Talking to Watchmen Artist Dave Gibbons

I had a chance to sit down with Dave Gibbons, the man who drew Watchmen. The interview isn’t here, it’s here.

Before I talked to him I didn’t realize how important it was for the genesis of Watchmen that Gibbons and Alan Moore were English. Apparently at that time superhero comics came from America, and that was it. New York City was just where the action was at, and if you weren’t there you were an outsider. As Englishmen Gibbons and Moore felt like they were operating the fringe of the known universe. Which must have been sort of disempowering. But as it turned out it also gave them a certain extra freedom and insight.

Here’s Gibbons on what it was like to come to America:

When I first came to New York City, what I was thrilled about was not the Empire State Building, or the Statue of Liberty, it was the fireplugs in the street. These things that Jack Kirby had drawn. Or these cylindrical water towers on top of buildings that Steve Ditko’s Spider-Man fights used to happen in and around. So it’s always been this kind of exotic babylon. And that’s so for Alan as well. We used to get the American comics imported, and it wasn’t just the stories, it was the whole thing of Tootsie Rolls and Schwinn bicycles. This is the kind of thing we’d talk about for hours on the phone. All this stuff that to you Americans is everyday stuff, as boring to you as our everyday stuff is to us.

Hard to picture Alan Moore talking about Tootsie Rolls. I bet he was pretty disappointed when he actually tried one.

If you read this far, here’s your reward. I have a copy of Watching the Watchmen: The Definitive Companion to the Ultimate Graphic Novel, signed by Gibbons, to give away. I’ll have it shipped to the first person who e-mails me with, oh, I don’t know, the name of Ozymandias’s pet lynx. I’m at lev underscore grossman at timemagazine dot com.

(Update: the prize has been claimed. It went at 2:26 yesterday afternoon. It is now on its way to Kansas City, MO.)

Related Topics: Gaming & Culture
  • churchhtucker

    It depends when he tried one. The old wax-paper wrapped ones were pretty terrible, but the newer ones have a wrapper that keeps them from getting rock-hard.

  • Cliff

    So is he implying that bowler hats, roundabouts and tea are interesting to us?
    They’re a little interesting, I guess, but they’re not fascinating. I’ve never had a phone conversation about them.

  • churchhtucker

    Actually, I was fascinated in the reverse fashion as a lad (see, I picked some things up.) I had a local comics dealer who would get 2000AD issues (only one of each, I suspect he just got them to read and then sold them.) I still have them. They’re my first thing out of the burning house (sorry, sweetie.)

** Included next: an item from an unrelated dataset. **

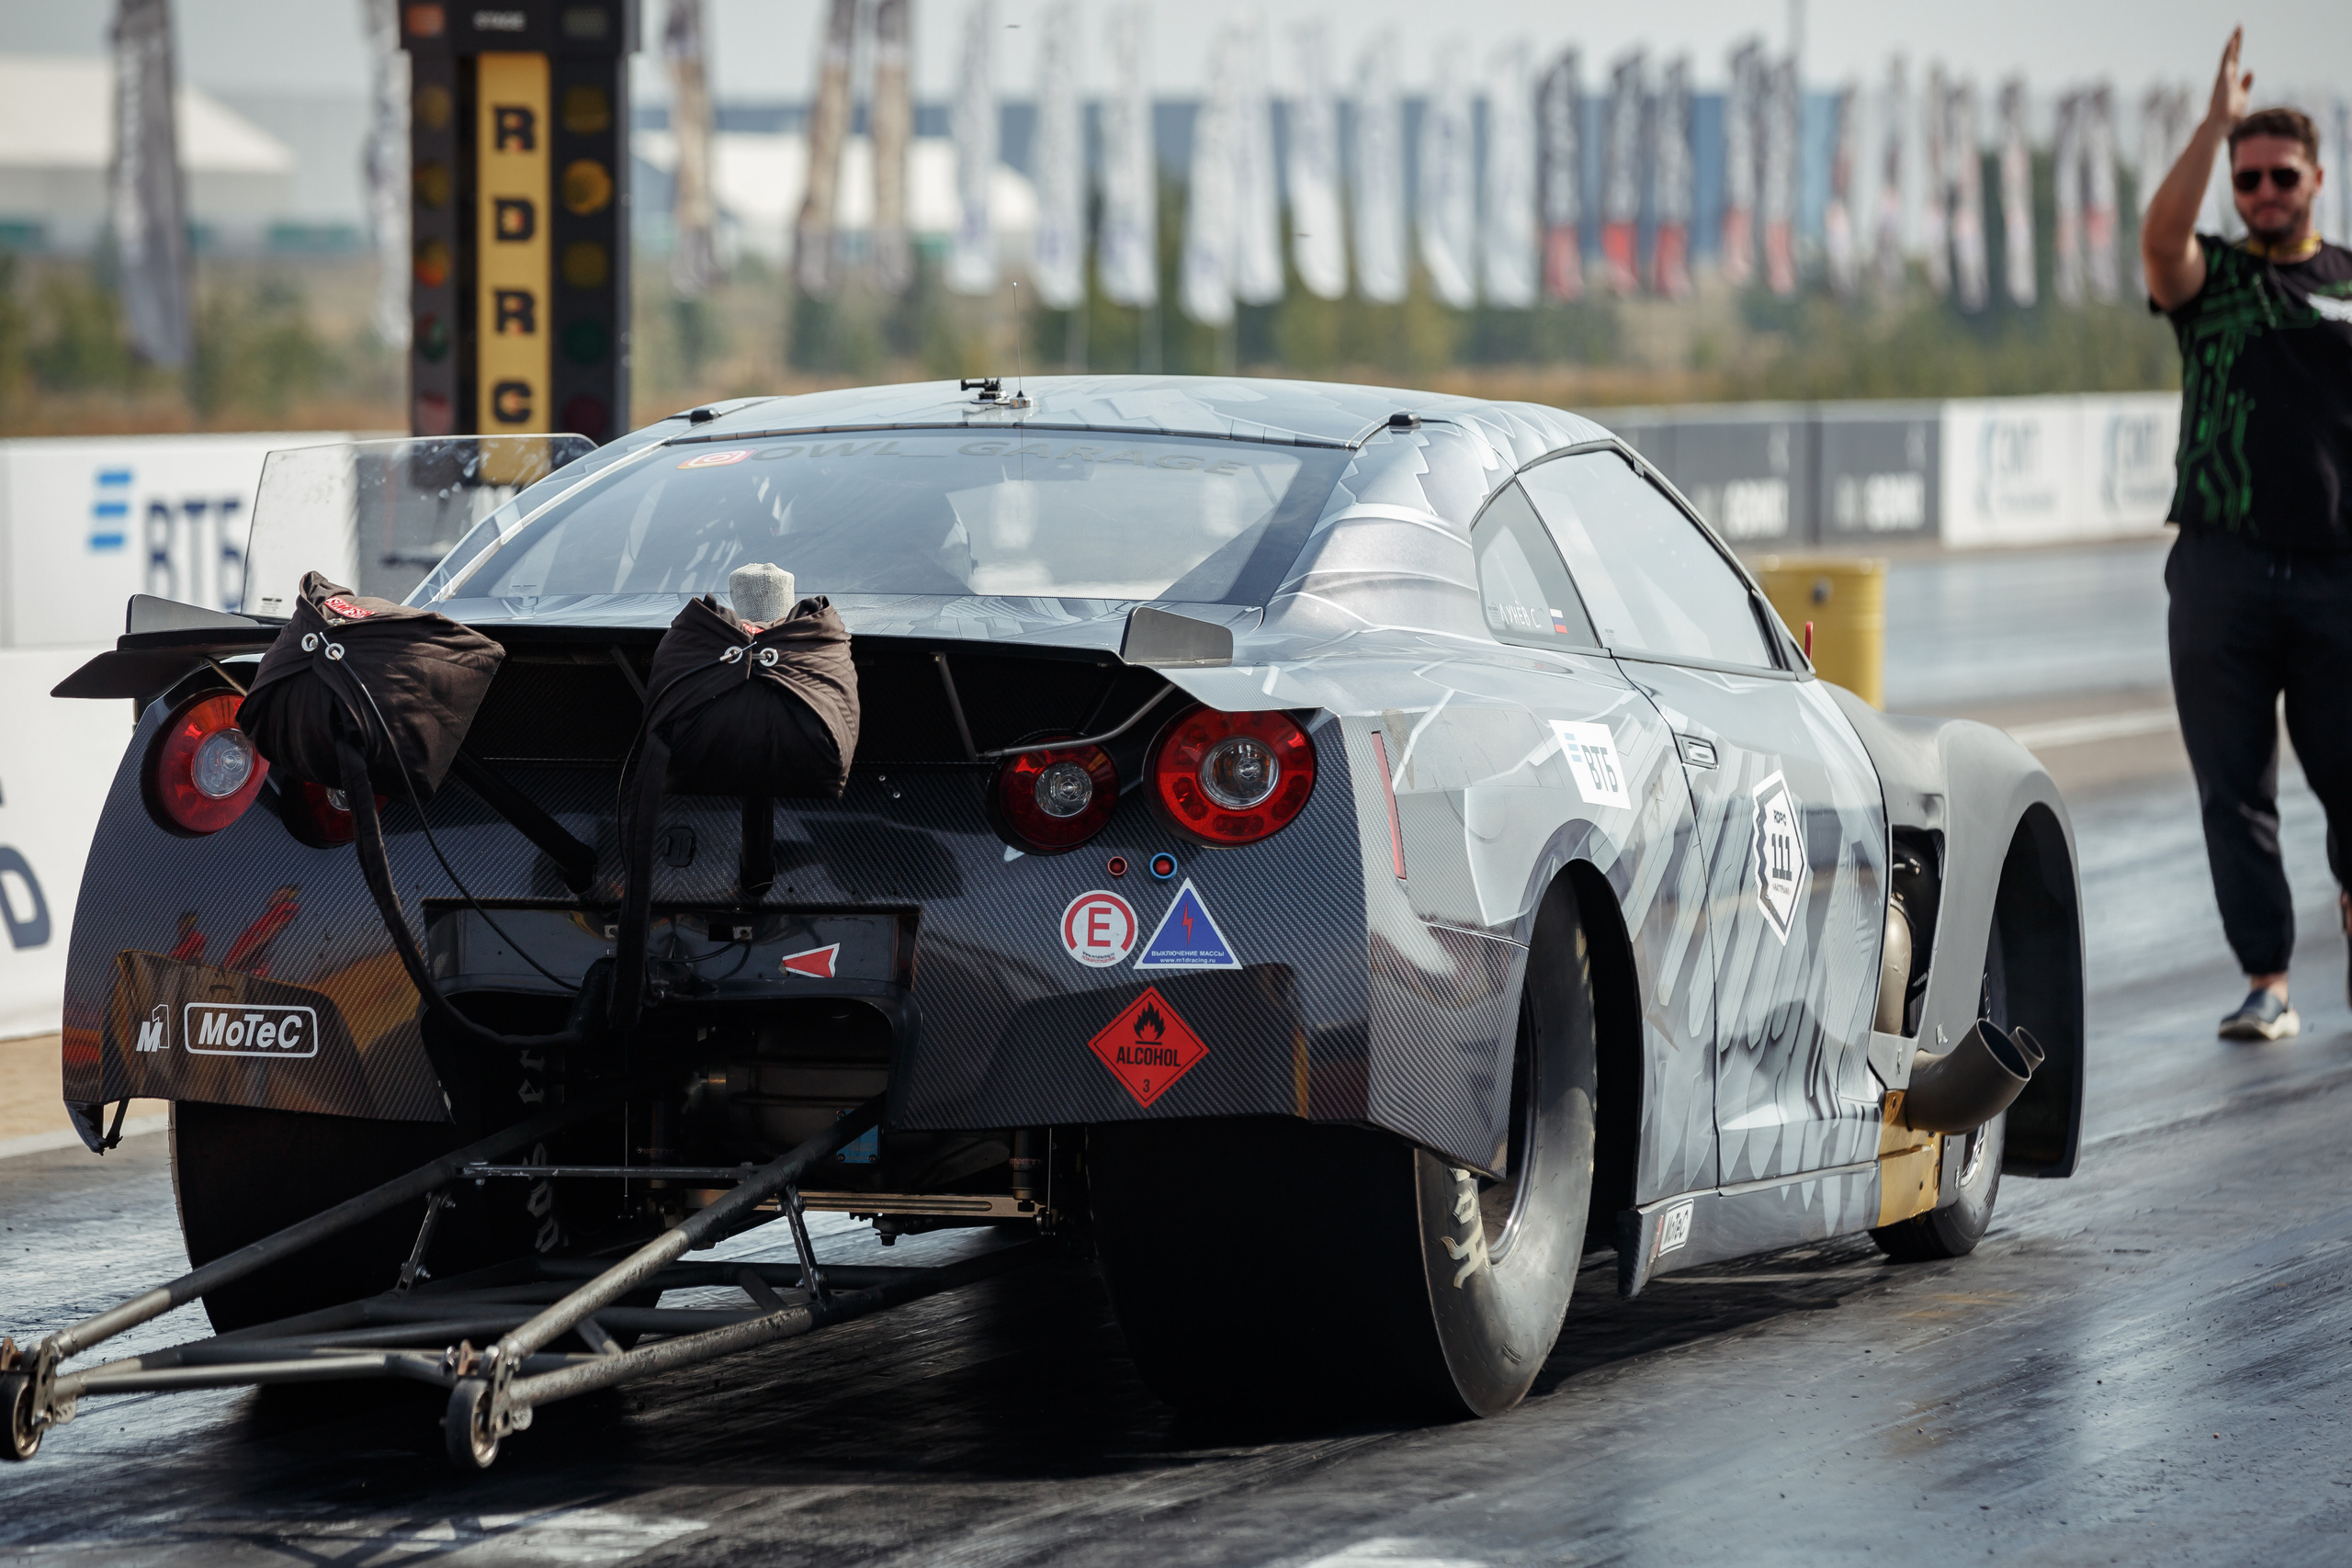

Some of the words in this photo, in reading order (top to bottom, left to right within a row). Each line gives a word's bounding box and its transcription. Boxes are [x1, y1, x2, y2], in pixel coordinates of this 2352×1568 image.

    Lev, shock the (web)monkeys. An eight question interview shouldn’t take two pages. Yeah, it seems like an easy way to increase hits, but I’m less and less likely to click through to a time.com story after every one of these encounters.

  • Cliff

    And about not getting the signed companion book:
    NOOOOOOOOOOOOOOOOOOOOOOOOOOOOOOOOOOOOOO

  • churchhtucker

    Damn you, whoever won!

    And the person after that. And the person after that. And the six people after them.

  • Brew

    At least they won something… Do you know how hard I worked on coming up with “Enter Selman” by Mattalica? Not to mention, I didn’t get anything for naming a certain person Leverus last year.